Когда я появился на свет, мне было двенадцать лет, пять месяцев и сто шестьдесят четыре часа. Ибо мы не рождаемся в тот миг, когда чья-то незнакомая рука извлекает нас и переносит в бесконечный и загадочный поток истории, а гораздо раньше, когда мысль о нас западает в голову еще неженатых мужчин и женщин, когда имя еще несуществующего создания только вырисовывается на туманном горизонте возможной жизни. Мы в большей степени состоим из мыслей, чем из плоти, и мысли эти проникают в нашу кровь из идей того, кто нас задумал, поэтому мы наследуем не только цвет волос, кроткий взгляд или мягкое сердце, но также иллюзии, надежды и разочарования наших предков, которые в свою очередь унаследовали их от еще более древних, через поколения, ведущие свой род от прямоходящего, рудольфского и, наконец, первого человека, поэтому каждый из нас носит в себе как бы всю историю человечества в миниатюре.
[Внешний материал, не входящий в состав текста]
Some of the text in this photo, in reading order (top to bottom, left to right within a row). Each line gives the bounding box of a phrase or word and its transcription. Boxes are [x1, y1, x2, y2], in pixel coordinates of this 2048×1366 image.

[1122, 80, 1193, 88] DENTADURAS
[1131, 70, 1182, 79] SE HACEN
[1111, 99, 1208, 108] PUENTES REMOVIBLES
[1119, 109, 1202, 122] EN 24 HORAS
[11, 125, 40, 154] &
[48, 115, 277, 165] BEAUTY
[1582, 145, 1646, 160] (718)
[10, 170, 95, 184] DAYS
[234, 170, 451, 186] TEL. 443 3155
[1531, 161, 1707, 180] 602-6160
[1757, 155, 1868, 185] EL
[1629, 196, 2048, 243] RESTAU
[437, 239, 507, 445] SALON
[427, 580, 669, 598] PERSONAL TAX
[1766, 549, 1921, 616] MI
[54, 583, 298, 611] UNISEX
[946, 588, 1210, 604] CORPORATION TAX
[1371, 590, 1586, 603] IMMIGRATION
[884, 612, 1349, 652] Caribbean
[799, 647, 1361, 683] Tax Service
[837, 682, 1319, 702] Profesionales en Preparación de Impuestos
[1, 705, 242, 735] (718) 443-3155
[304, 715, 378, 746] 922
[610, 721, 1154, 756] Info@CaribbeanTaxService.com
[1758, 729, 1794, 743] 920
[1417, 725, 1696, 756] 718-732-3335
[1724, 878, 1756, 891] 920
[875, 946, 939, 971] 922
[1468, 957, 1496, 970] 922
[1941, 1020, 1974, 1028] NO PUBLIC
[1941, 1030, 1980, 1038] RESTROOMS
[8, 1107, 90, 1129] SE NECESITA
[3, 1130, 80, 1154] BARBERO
Как возможность, гипотеза, замысел я, стало быть, существую ровно с того вечера, когда мой отец подумал, что обзавестись сыном – единственный способ забыть, что сам он им не был. По милости месье Бальзака моя жизнь все чаще стала выступать на первый план среди прочих гипотез. По милости Оноре и Курцио Вербика́ро, лудильщика в четвертом поколении и заядлого театрала, задумавшего тем летом поставить на сцене своего погорелого театра «Папашу Горио» в собственном драматургическом переложении.
Вито сидел во втором ряду возле матери и приходил в волнение, когда старик Горио напыщенно говорил о своей любви к дочерям и, непонятно почему, в каждой сцене обнимал их, проливая слезы.
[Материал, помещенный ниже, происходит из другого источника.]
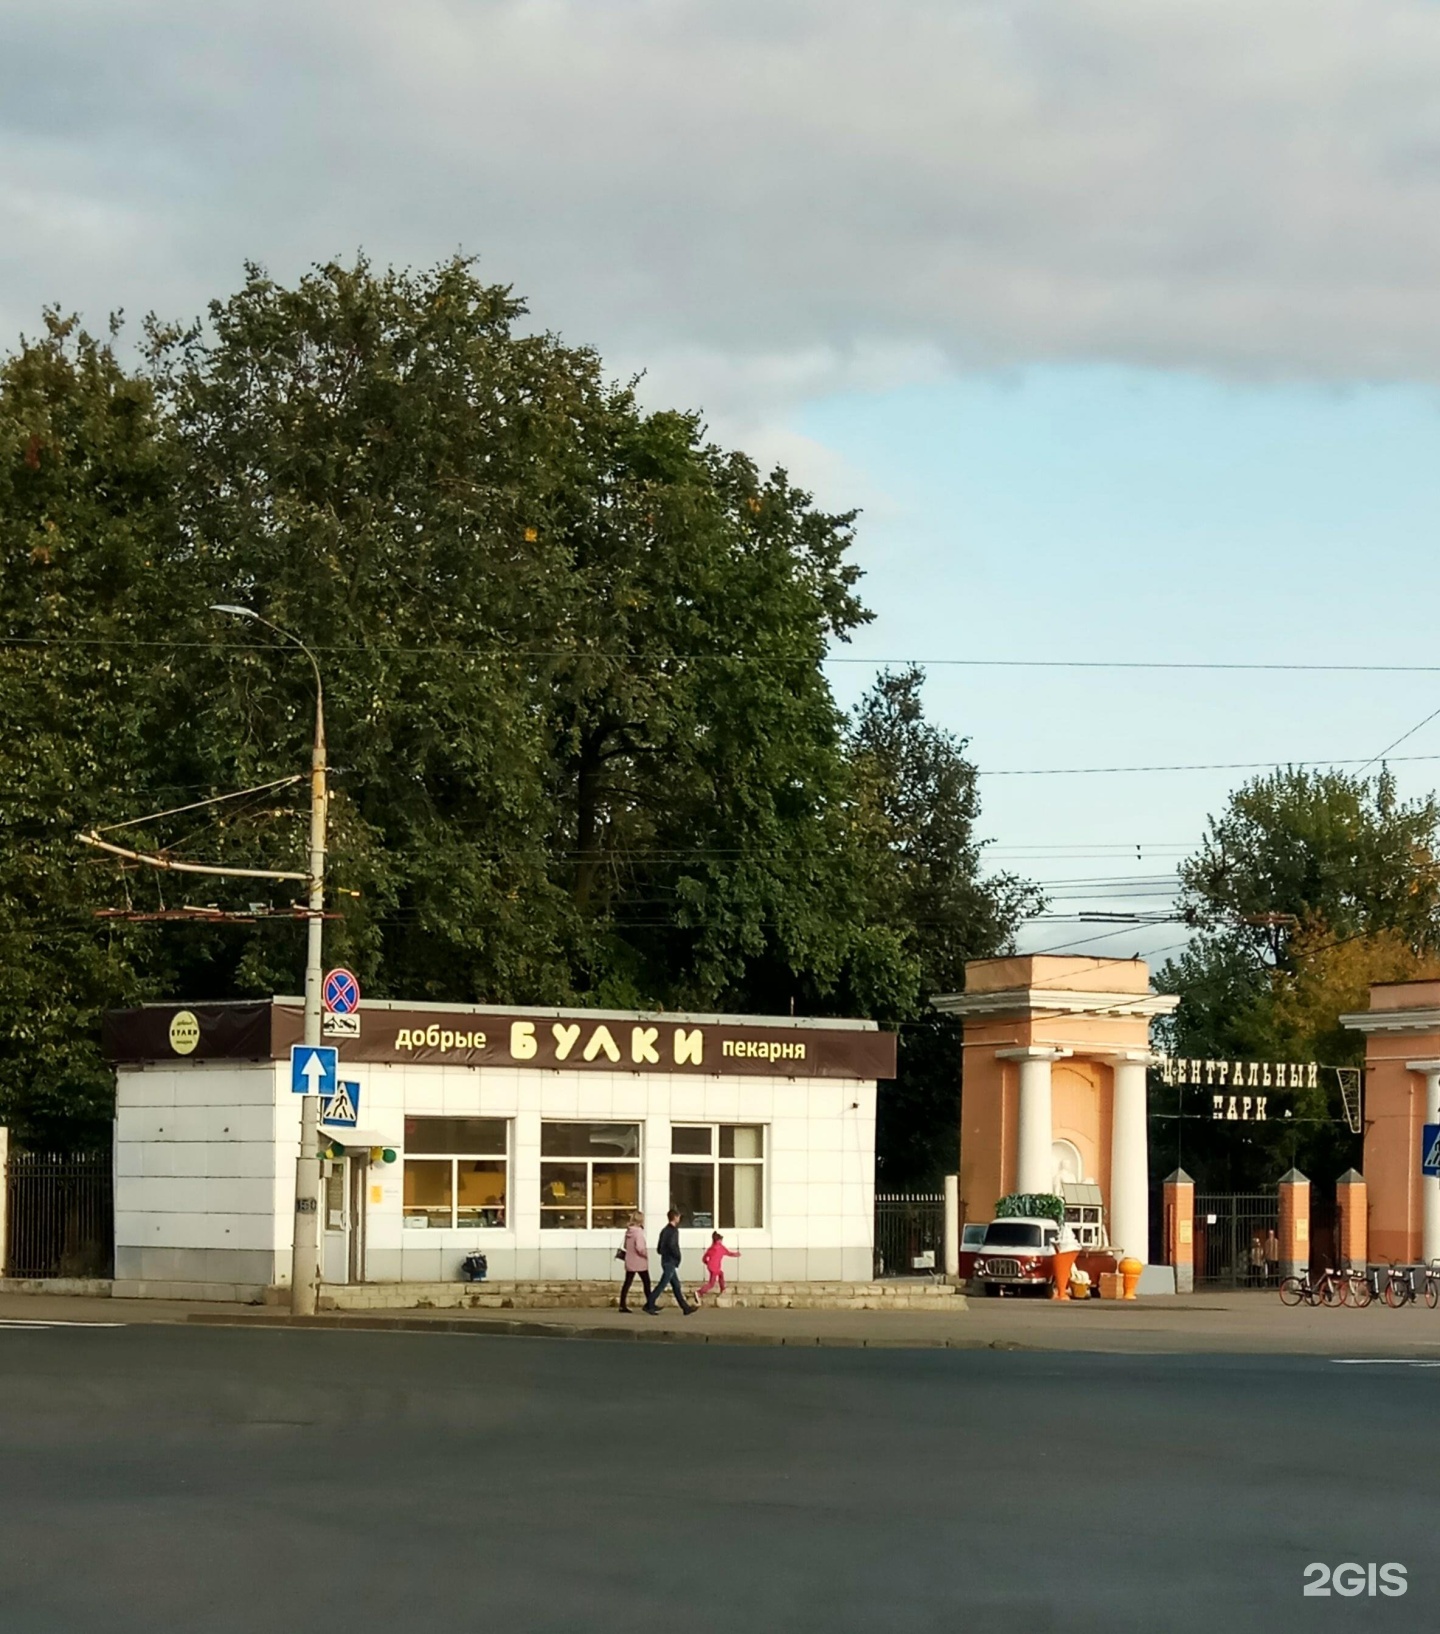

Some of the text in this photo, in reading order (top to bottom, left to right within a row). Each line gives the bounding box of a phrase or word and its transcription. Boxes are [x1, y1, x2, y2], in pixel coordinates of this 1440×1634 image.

[395, 1021, 806, 1065] добрые БУЛКИ пекарня
[1162, 1058, 1317, 1088] ЦЕНТРАЛЬНЫЙ
[1213, 1095, 1267, 1120] ПАРК
Вито Мальинверно, мой родитель, об отце мог только мечтать, тот умер, когда он был еще маленьким, и если в мире есть чувство, способное хоть как-то смягчить и исцелить боль безотцовщины, то это – безмерное и безусловное чувство любви отца Горио. И именно в этот момент, прекрасным летним вечером, в то время как парижские колокола звонили по усопшему, в то время как Эжен Растиньяк в черном плаще шел по кладбищу Пер-Лашез, именно в тот миг, как между Тимпамарой и городом Люмьеров умирало неизвестно сколько отцов Горио, я занял свое место в истории человечества.
Церковные часы показывали шесть двадцать шесть, дня тридцатого, месяца ноября, года тысяча девятьсот тридцать пятого, когда я родился, на три недели позже Алена Делона и на день раньше Вуди Аллена, помесью которых я точно не был.
Это было не самое лучшее время для рождения: Италия напала на Эфиопию, за что демоплутократические державы наложили на нее эмбарго. Я появился на свет во время автократии, в эпоху экономического кризиса, когда плуг вспахивал землю, а сабля его защищала, когда заваривали чай каркаде, носили казеиновые шарфы, дымил бурый уголь, кофе смешивали с цикорием, все разводили кроликов и пристрастились к касторовому маслу.
Я появился на свет в эпоху экзистенциального кризиса.
Короткое время и не в этой жизни я был единственным сыном, родившимся хромым из-за несбалансированного развития организма, ставшего физическим знаком перекошенного времени, в котором жил мир, и слепоты Природы, которая, раздавая охапками жизнь и смерть, изредка ошибалась в выборе.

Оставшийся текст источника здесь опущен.